Suncor made its biggest move in 2016, however, when it became the majority shareholder in Syncrude, in which the company already held a 12 percent share. In February, in a deal worth a total of $6.6 billion, Suncor purchased Canadian Oil Sands Limited, the owner of a 37 percent share in Syncrude stock. Then, in April, Suncor acquired an additional 5 percent share from Murphy Oil, giving Suncor 54 percent ownership of Syncrude. (Suncor went on, early in 2018, to acquire another 5 percent of Syncrude by a purchase of shares from Mocal Energy.) In a second substantial move, made in September 2016, Suncor—one of two principal partners in the Fort Hills Oil Sands Project—acquired an additional 10 percent from the project’s other major partner, Total E&P Canada, a subsidiary of Paris-based Total SA. Although Total retained roughly a 29 percent share, this purchase gave Suncor nearly a 51 percent share, making it the majority owner of Fort Hills as well.
Unlike Suncor, CNRL substantially reduced capex during the bust (see table 1.5), in addition to cutting $2.4 billion (about 28 percent) from its 2015 budget. As a result, CNRL substantially delayed a planned expansion of its Kirby North Oil Sands Project. The company laid off 5.1 percent of its “permanent” employees in 2015 and 2016, as well as imposing a hiring freeze. It also cut senior managers’ salaries by 10 percent and reduced the pay of other salaried employees, although it chose not to cut the hourly wages of oilfield workers. Like Suncor, however, CNRL saw the downturn as an opportunity, in this case to diversify its assets. In February 2014, CNRL had acquired liquids-rich natural gas assets from Devon Energy, along with six natural gas processing plants and related infrastructure. Between 2014 and 2016, CNRL further acquired about twelve thousand natural gas wells, positioning the company as Canada’s largest natural gas producer, above Encana. In addition, CNRL continued with the expansion of its Horizon Oil Sands Project, with Phase 2B completed in 2016 and Phase 3 in construction.
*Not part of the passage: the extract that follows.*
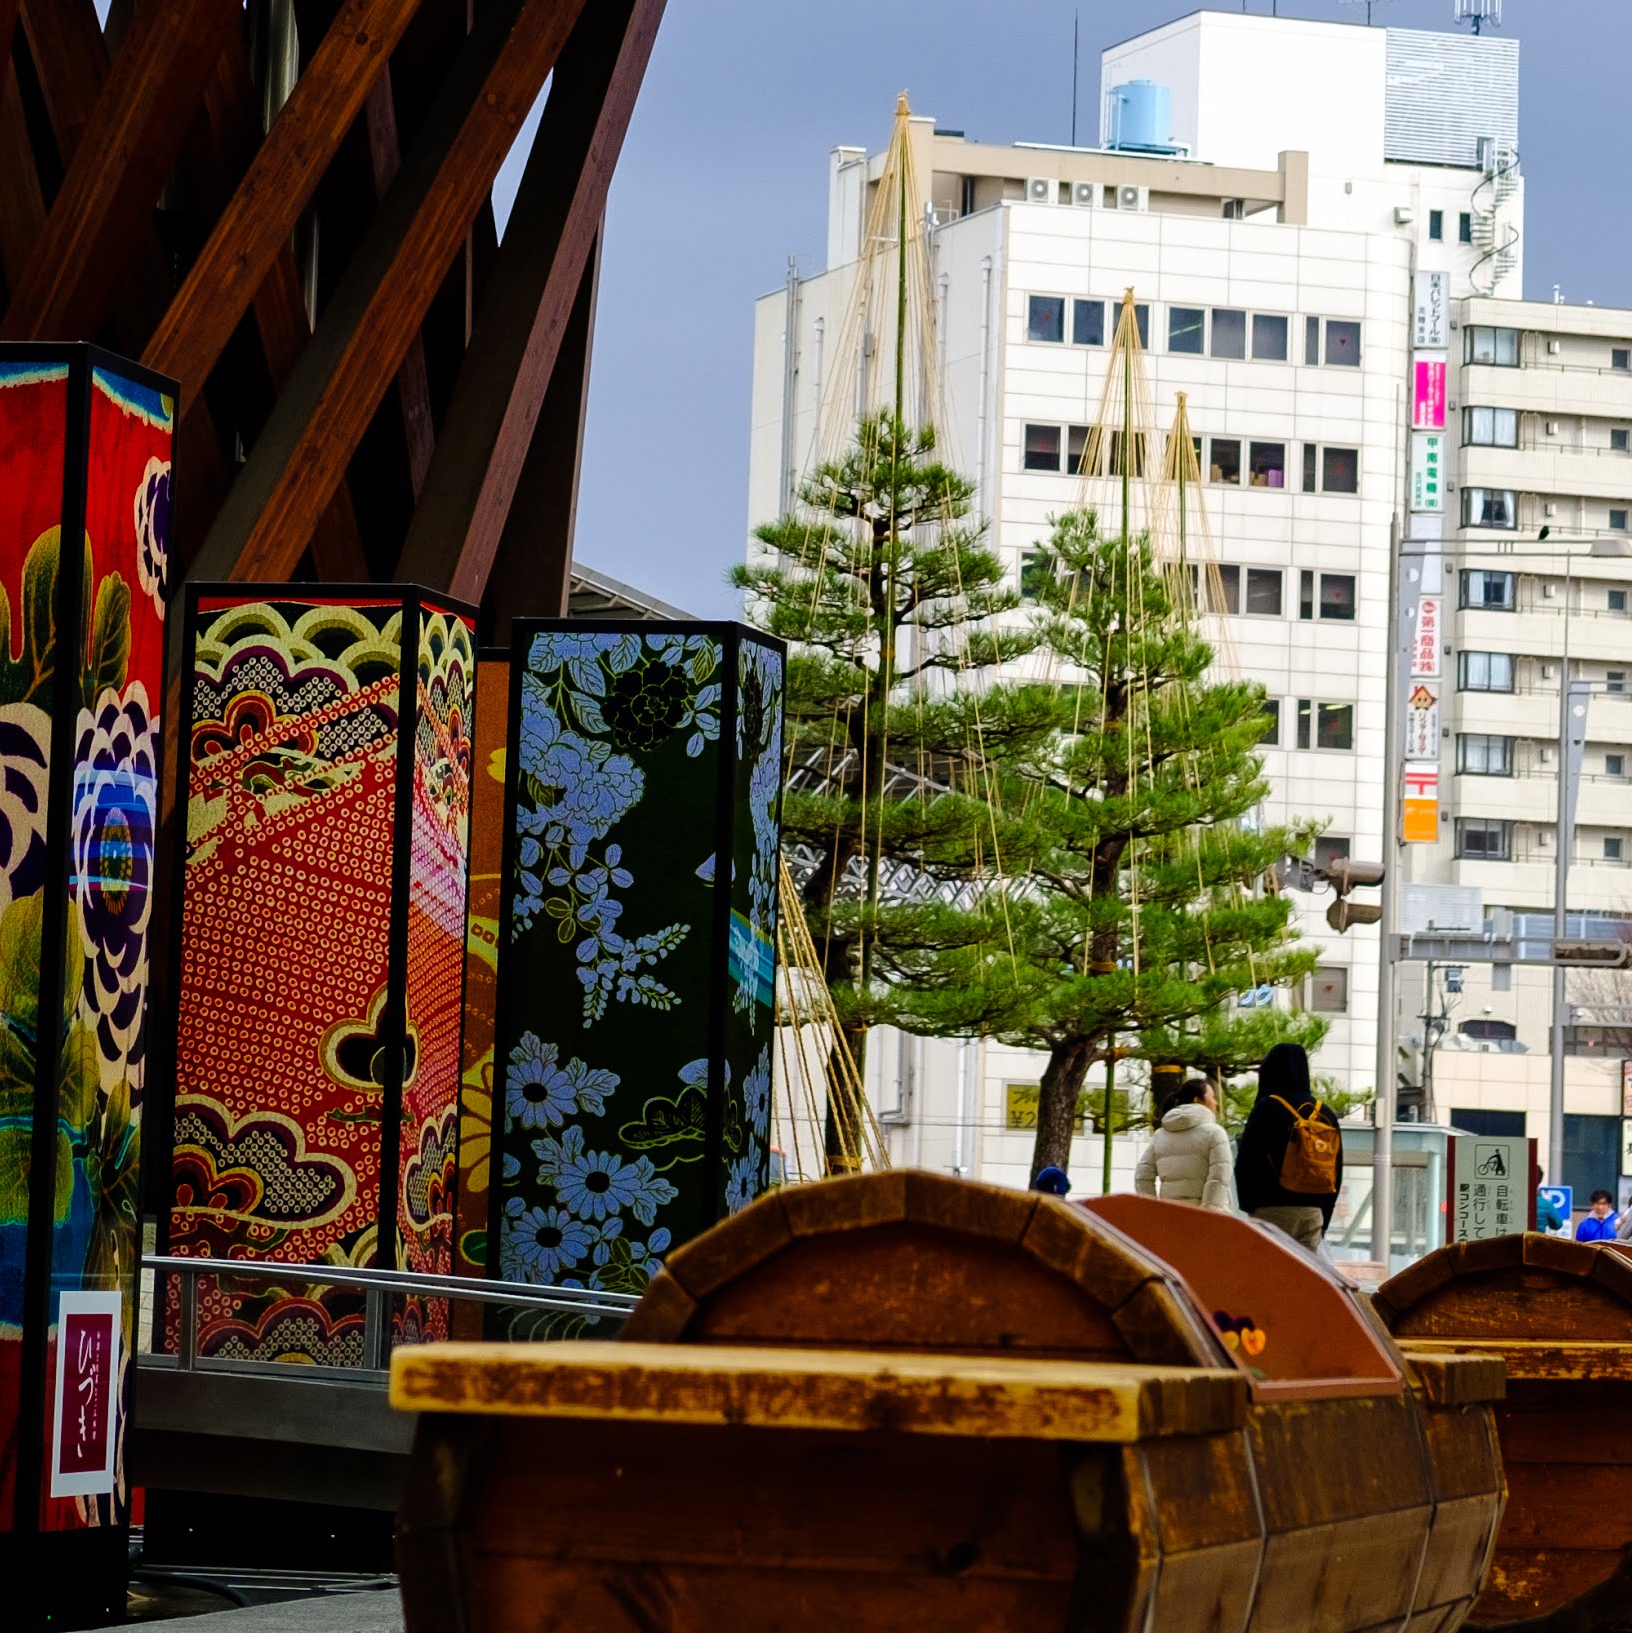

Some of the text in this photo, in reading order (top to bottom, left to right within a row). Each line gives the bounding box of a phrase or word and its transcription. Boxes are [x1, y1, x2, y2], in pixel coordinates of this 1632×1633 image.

Imperial Oil slashed its capex in 2015 by more than 40 percent, and in 2017 its total expenditures were more than 80 percent lower than in 2014 (see table 1.5). In March 2014, Imperial—then in the process of expanding two existing oil sands projects and seeking regulatory approval for a third—sold several of its conventional oil assets to Whitecap Resources for $855 million. During the bust, however, the company delayed the development of Phases 3 and 4 of the Kearl Oil Sands Project and, in 2016, sold 497 Esso-branded gas stations to five fuel distributors for $2.8 billion. In the face of ongoing debates about the future of various pipeline proposals, Imperial opted to develop rail infrastructure. Its Edmonton rail terminal began operating in mid-2015, with the capacity to ship up to 210,000 barrels per day.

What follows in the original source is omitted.